Exercise description: Apart from the pictures, write out all the records exactly.
┌─ Exercise data
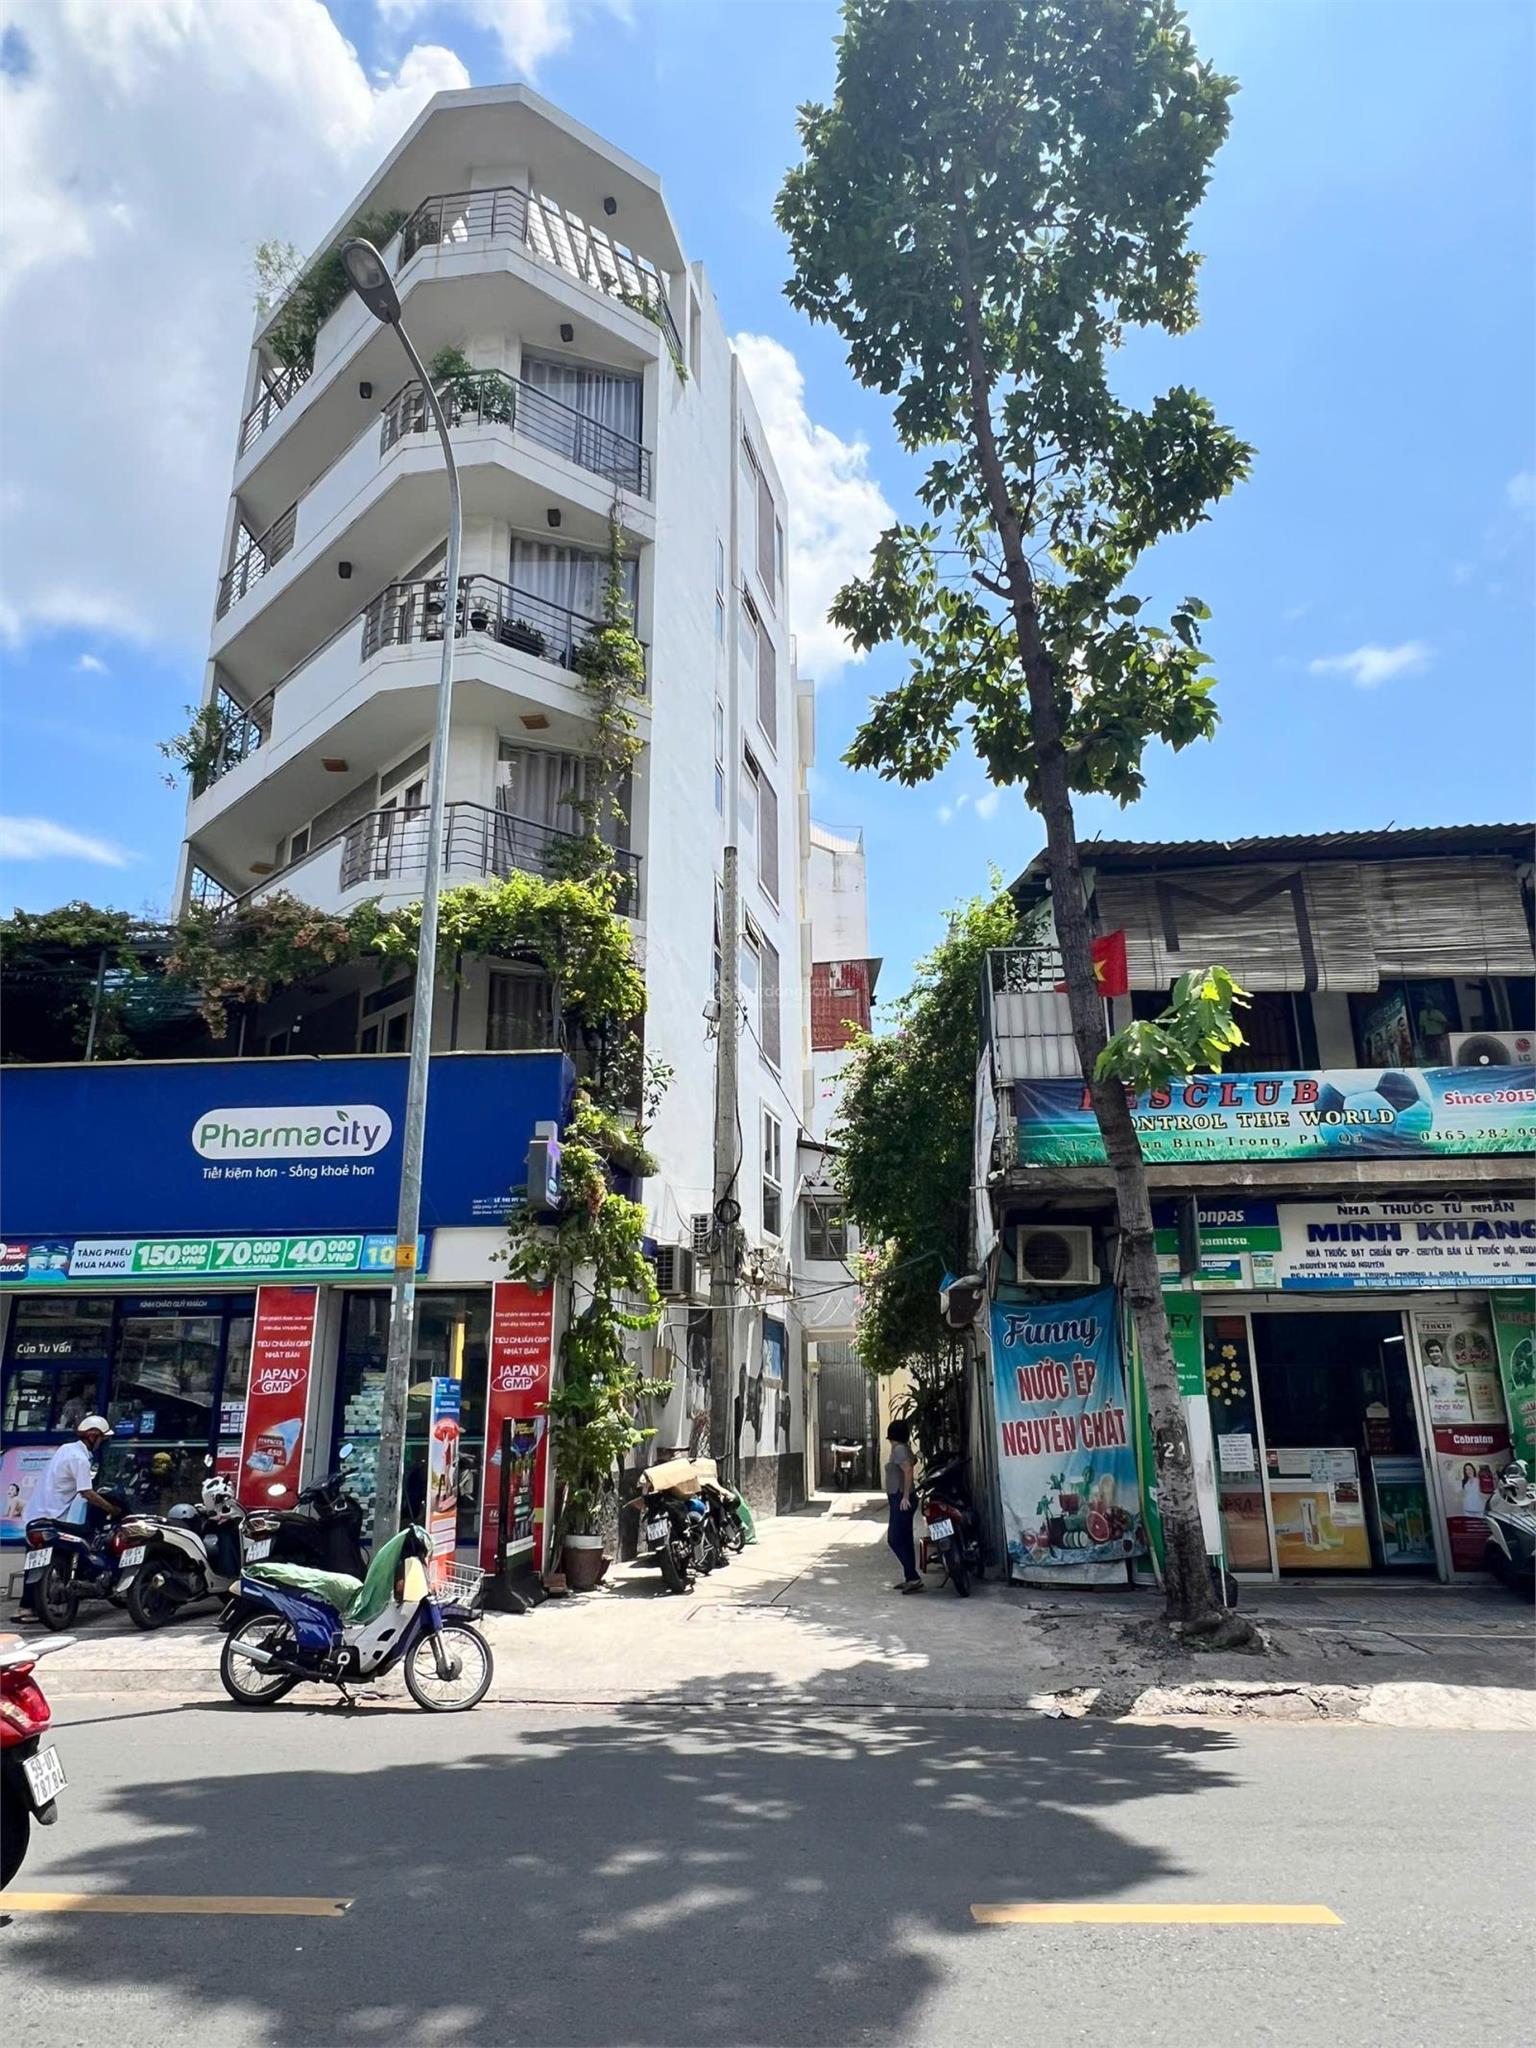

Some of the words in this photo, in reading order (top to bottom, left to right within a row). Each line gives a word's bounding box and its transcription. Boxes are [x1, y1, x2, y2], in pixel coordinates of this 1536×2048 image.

[1444, 1091, 1492, 1105] Since
[1496, 1090, 1536, 1103] 2015
[1237, 1111, 1290, 1128] THE
[1301, 1108, 1396, 1126] WORLD
[199, 1118, 382, 1152] Pharmacity
[202, 1166, 222, 1179] Tiết
[225, 1166, 252, 1180] kiệm
[256, 1166, 277, 1178] hơn
[289, 1164, 318, 1180] Sống
[352, 1164, 375, 1176] hơn
[1306, 1222, 1402, 1243] MINH
[1416, 1219, 1536, 1241] KHANG
[75, 1260, 96, 1269] MUA
[1004, 1312, 1101, 1348] Funny
[259, 1367, 299, 1380] JAPAN
[499, 1364, 539, 1378] JAPAN
[1016, 1357, 1070, 1402] NƯỚC
[1072, 1354, 1097, 1397] ÉP
[263, 1380, 290, 1392] GMP
[503, 1378, 531, 1389] GMP
[1001, 1410, 1077, 1457] NGUYÊN
[1080, 1399, 1128, 1448] CHẤT
└─
Reply:
Some of the words in this photo, in reading order (top to bottom, left to right within a row). Each line gives a word's bounding box and its transcription. Boxes are [x1, y1, x2, y2], in pixel coordinates of this 1536×2048 image.

[1444, 1091, 1492, 1105] Since
[1496, 1090, 1536, 1103] 2015
[1237, 1111, 1290, 1128] THE
[1301, 1108, 1396, 1126] WORLD
[199, 1118, 382, 1152] Pharmacity
[202, 1166, 222, 1179] Tiết
[225, 1166, 252, 1180] kiệm
[256, 1166, 277, 1178] hơn
[289, 1164, 318, 1180] Sống
[352, 1164, 375, 1176] hơn
[1306, 1222, 1402, 1243] MINH
[1416, 1219, 1536, 1241] KHANG
[75, 1260, 96, 1269] MUA
[1004, 1312, 1101, 1348] Funny
[259, 1367, 299, 1380] JAPAN
[499, 1364, 539, 1378] JAPAN
[1016, 1357, 1070, 1402] NƯỚC
[1072, 1354, 1097, 1397] ÉP
[263, 1380, 290, 1392] GMP
[503, 1378, 531, 1389] GMP
[1001, 1410, 1077, 1457] NGUYÊN
[1080, 1399, 1128, 1448] CHẤT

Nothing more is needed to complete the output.